The royal said nothing, but raised a claw to stop Fiora from explaining further. He reached to his head where his horns were adorned and clasped the end of the largest one. In a single motion he snapped it, wincing greatly even though he only gave a meek grunt. The hippalektryon and manticore didn't react, unaware of the importance of the act, but his follower spouted protest at the act instantly.

"But my lord, you horns are-"

The royal cut him off. "They are for grandiose posturing and empty shows of strength. Should any monster question House Stormbreed for a petty ornament, I will remind them why my family flies over half of the griffin lands."

Fiora looked at the horn the royal tossed to the ground at the edge of her shield. She lowered her shield and picked up the horn, examining the point where it broke.

"Five centimeters from the base, just enough so it'll grow back," she mentioned.

The royal nodded. "I don't intend on crippling myself for a hunter."

"I must admit," Fiora confided, "I try not to kill sentient monsters when they want to live in peace. What happens between your houses is none of my concern. Just promise you'll hunt something other than ponies."

"Plenty of other game further west," the royal agreed, reverberating his chest and commanding his beasts.
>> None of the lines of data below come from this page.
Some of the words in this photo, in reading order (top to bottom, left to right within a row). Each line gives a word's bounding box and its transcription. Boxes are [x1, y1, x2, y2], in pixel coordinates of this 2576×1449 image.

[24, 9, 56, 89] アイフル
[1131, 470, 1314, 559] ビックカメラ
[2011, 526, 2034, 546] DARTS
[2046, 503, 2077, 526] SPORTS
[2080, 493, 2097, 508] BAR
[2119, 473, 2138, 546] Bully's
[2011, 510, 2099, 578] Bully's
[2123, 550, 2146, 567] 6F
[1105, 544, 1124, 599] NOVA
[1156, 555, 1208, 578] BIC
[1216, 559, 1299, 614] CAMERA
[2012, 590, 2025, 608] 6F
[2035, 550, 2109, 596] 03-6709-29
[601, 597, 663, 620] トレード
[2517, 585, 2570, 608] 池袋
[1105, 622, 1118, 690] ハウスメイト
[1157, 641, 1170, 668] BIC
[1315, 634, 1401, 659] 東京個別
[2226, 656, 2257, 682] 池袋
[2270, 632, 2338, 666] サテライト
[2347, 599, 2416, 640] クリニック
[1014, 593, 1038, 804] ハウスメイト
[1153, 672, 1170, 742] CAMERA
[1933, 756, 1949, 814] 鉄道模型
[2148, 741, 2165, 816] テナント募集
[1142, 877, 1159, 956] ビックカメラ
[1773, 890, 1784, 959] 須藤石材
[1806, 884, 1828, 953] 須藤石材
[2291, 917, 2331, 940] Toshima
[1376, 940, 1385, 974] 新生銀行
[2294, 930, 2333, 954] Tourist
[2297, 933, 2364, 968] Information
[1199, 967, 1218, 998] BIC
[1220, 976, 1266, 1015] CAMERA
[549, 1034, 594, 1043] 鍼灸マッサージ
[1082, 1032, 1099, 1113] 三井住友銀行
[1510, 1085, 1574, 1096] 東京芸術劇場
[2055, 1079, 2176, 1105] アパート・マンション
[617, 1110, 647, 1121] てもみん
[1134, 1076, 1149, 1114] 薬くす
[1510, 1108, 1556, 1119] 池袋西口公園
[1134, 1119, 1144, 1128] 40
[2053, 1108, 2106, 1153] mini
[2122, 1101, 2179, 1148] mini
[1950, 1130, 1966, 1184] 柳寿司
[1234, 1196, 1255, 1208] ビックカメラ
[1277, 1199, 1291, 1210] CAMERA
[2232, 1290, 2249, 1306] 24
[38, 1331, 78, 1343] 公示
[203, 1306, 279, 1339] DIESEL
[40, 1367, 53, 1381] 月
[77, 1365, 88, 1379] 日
His griffin took to the sky, scouting their path ahead, followed by the two others.

"I hope you are paid handsomely for my horn," the royal squawked at Fiora as it began to flap and take off with its entourage. "It's a cut above the usual beasts on this continent."
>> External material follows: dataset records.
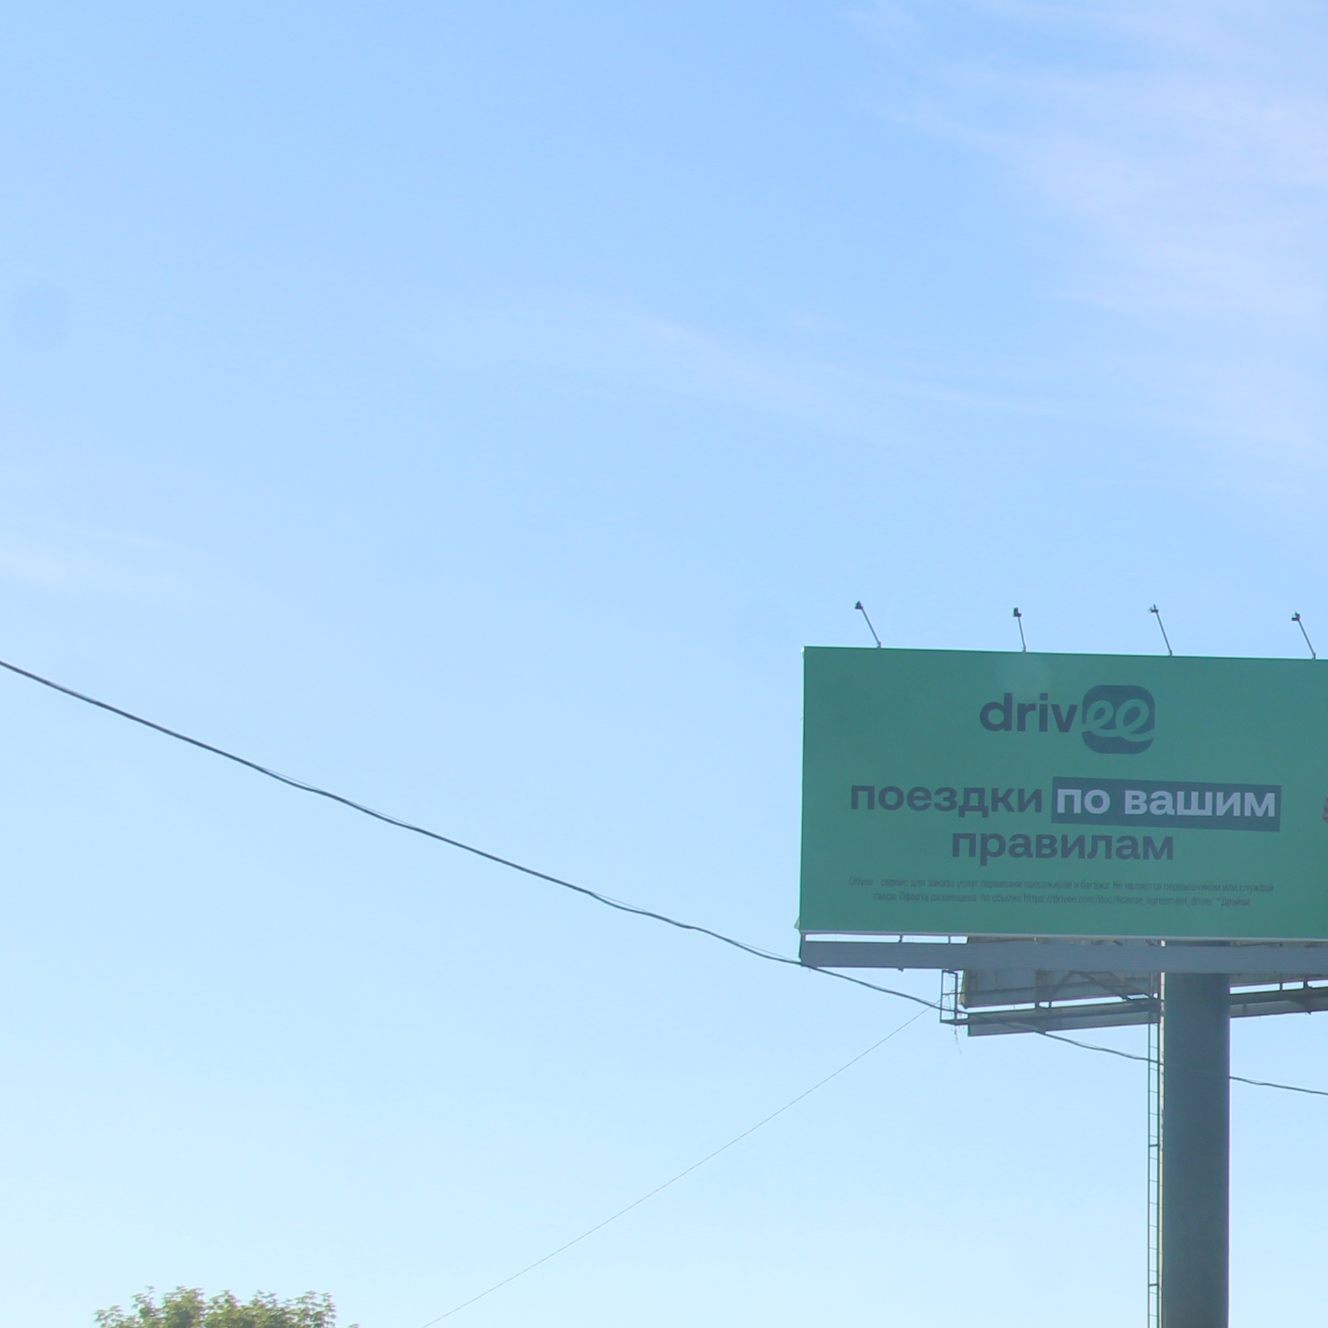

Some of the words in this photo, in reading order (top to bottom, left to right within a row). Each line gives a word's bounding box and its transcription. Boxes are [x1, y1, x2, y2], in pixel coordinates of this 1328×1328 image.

[979, 691, 1155, 744] drivee
[851, 785, 1043, 818] поездки
[1056, 788, 1110, 815] по
[1125, 789, 1276, 818] вашим
[952, 832, 1174, 866] правилам
The cursed filly twitched her leg on her saddle as she returned to collect the reward from the general. It was the first movement she had since Fiora encountered her in Warfstead. She hoped recovering from her injuries would be enough to tire whatever magic powered the curse on the filly. If not, she could be bringing trouble to Bach Kha'mohrgen.

"A nest of griffins?" the general asked, incredulous, as if it weren't possible despite what he already knew. "I must admit, I expected it to be... less expensive hunt than that."

"You still plan on letting me pass though, right?" pressed Fiora.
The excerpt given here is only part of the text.